→ ACTION ITEM:
Everything from the line that contains "this 1696×954 image." through the last line of the listing must be copied exactly, with both of those lines included and no others.

*** Opening of DATASET CONTENT ***

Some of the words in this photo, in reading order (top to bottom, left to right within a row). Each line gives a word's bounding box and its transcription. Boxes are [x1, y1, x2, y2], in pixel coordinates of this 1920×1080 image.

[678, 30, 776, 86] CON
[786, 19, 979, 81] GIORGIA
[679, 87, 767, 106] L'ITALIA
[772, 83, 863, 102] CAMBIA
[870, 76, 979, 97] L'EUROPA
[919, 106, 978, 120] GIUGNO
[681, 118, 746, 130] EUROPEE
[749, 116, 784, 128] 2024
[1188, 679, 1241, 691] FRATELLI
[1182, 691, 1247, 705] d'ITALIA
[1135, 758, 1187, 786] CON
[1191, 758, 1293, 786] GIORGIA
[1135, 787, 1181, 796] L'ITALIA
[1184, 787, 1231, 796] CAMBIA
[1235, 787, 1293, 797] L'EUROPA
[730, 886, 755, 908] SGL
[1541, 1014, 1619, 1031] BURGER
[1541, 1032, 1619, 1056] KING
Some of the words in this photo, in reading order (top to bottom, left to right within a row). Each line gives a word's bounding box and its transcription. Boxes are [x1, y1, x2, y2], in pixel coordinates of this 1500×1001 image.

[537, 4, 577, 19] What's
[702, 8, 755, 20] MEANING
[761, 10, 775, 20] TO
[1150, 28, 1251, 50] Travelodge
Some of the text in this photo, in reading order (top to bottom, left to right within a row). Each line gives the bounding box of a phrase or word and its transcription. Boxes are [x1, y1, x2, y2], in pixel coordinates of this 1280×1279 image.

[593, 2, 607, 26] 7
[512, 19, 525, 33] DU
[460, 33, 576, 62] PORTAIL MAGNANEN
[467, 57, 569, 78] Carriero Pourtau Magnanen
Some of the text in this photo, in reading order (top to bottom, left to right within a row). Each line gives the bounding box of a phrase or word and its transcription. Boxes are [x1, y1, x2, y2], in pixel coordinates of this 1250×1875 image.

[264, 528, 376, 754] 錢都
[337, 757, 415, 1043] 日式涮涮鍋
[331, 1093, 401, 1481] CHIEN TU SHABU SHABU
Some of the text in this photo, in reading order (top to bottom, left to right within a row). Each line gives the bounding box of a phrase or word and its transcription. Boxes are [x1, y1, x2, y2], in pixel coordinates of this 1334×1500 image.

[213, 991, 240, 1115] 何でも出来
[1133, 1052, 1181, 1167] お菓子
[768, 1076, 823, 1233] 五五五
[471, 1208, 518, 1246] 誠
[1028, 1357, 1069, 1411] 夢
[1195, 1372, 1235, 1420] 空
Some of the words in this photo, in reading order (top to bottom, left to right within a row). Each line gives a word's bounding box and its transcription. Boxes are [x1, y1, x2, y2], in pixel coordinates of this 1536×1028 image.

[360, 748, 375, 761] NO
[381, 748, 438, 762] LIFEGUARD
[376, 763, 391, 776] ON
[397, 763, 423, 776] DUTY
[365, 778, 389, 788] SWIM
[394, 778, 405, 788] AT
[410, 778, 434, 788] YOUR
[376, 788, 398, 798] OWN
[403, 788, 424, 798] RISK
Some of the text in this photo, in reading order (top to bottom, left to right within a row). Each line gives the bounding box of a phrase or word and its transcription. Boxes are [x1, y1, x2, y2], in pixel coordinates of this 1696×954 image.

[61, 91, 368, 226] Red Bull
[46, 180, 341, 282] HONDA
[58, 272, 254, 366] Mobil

*** Close of DATASET CONTENT ***

→ EXPECTED ANSWER:
Some of the text in this photo, in reading order (top to bottom, left to right within a row). Each line gives the bounding box of a phrase or word and its transcription. Boxes are [x1, y1, x2, y2], in pixel coordinates of this 1696×954 image.

[61, 91, 368, 226] Red Bull
[46, 180, 341, 282] HONDA
[58, 272, 254, 366] Mobil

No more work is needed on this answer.